Cette professeure parisienne, militante syndicale et "gilet jaune", a été interpellée samedi et placée en garde à vue avec son conjoint. Le motif : avoir brandi une pancarte où il était écrit "Castaner, le Goebbels de Macron". Le parquet doit statuer sur son cas. 

Article rédigé par Benoît Zagdoun
France Télévisions
Publié Mis à jour
Temps de lecture : 7min
Des enseignants manifestent aux côtés de "gilets jaunes", le 11 mai 2019 à Paris, contre la réforme de l'Education nationale. (AMAURY CORNU / HANS LUCAS / AFP)
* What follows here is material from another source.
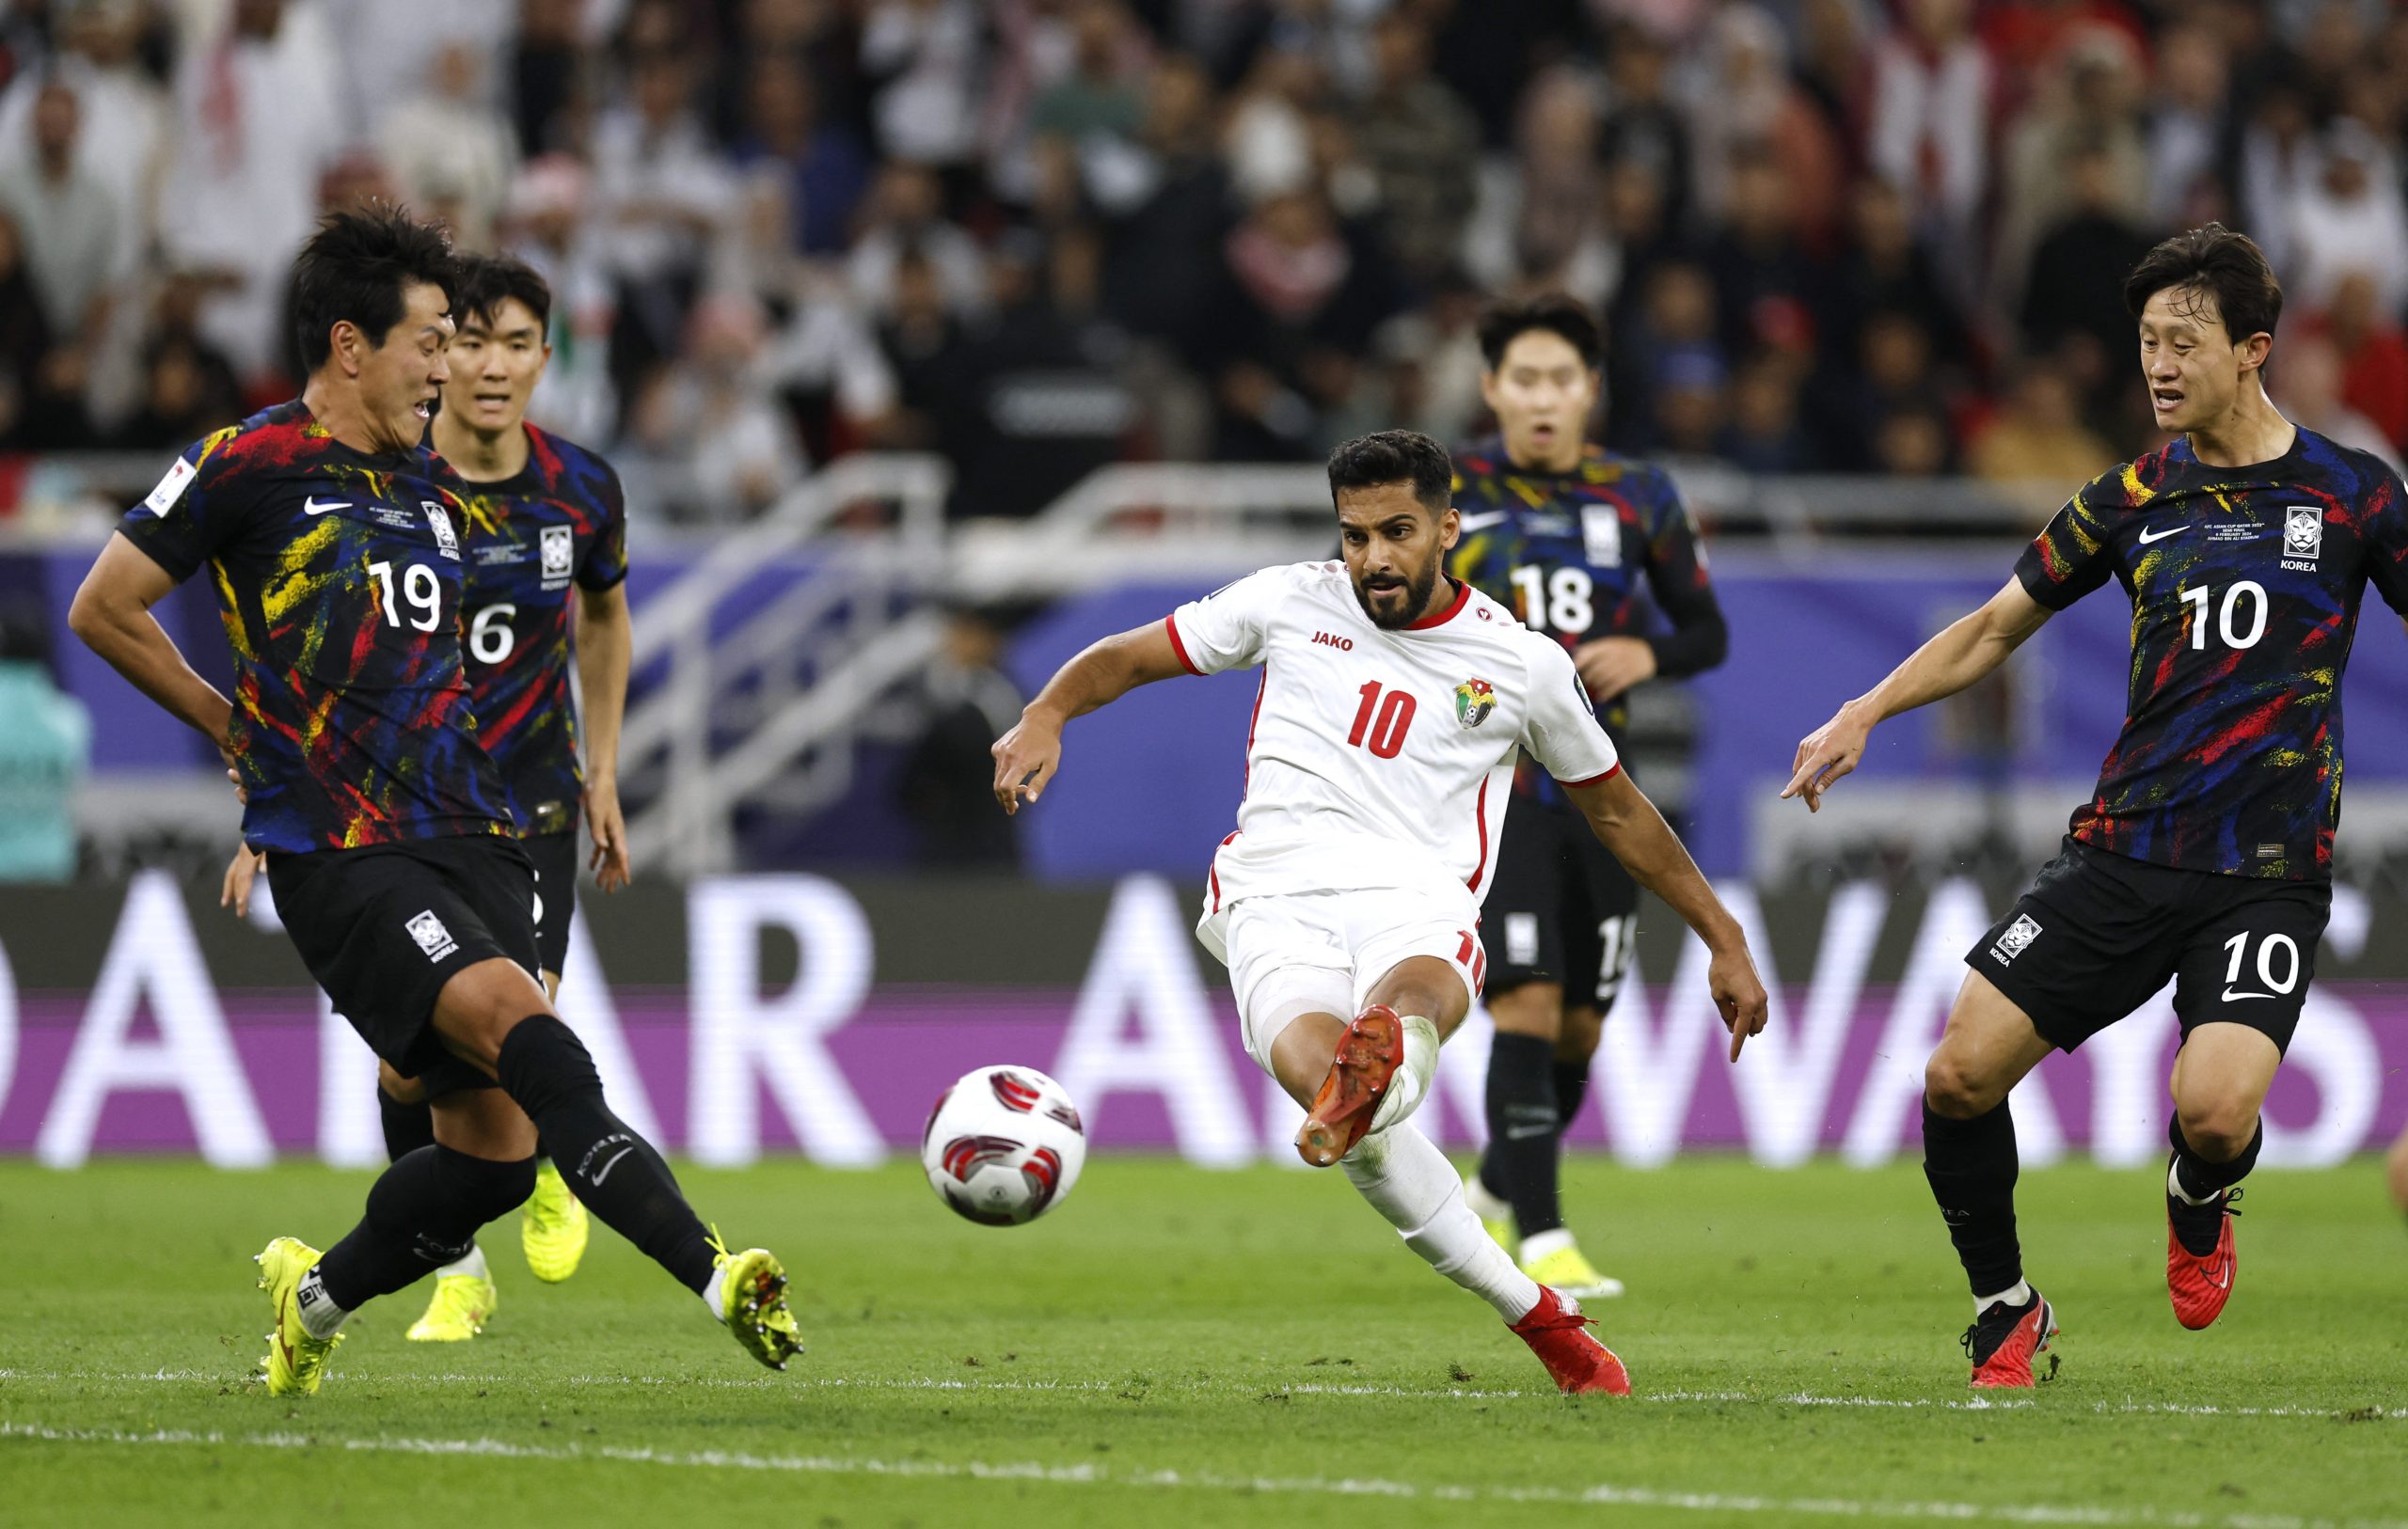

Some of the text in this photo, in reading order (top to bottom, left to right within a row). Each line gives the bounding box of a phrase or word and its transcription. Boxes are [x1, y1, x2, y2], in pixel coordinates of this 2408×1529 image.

A Paris, la mobilisation des "gilets jaunes", samedi 11 mai, se voulait un "soutien aux enseignants" opposés au projet de loi "pour une école de la confiance", la réforme portée par le ministre de l'Education nationale, Jean-Michel Blanquer. Dans le cortège parisien, des professeurs étaient donc aussi présents. Dans le live de franceinfo, vous nous avez demandé si une enseignante avait été interpellée au cours de la manifestation et placée en garde à vue à cause d'une pancarte qu'elle avait brandie où il était écrit "Castaner, le Goebbels de Macron".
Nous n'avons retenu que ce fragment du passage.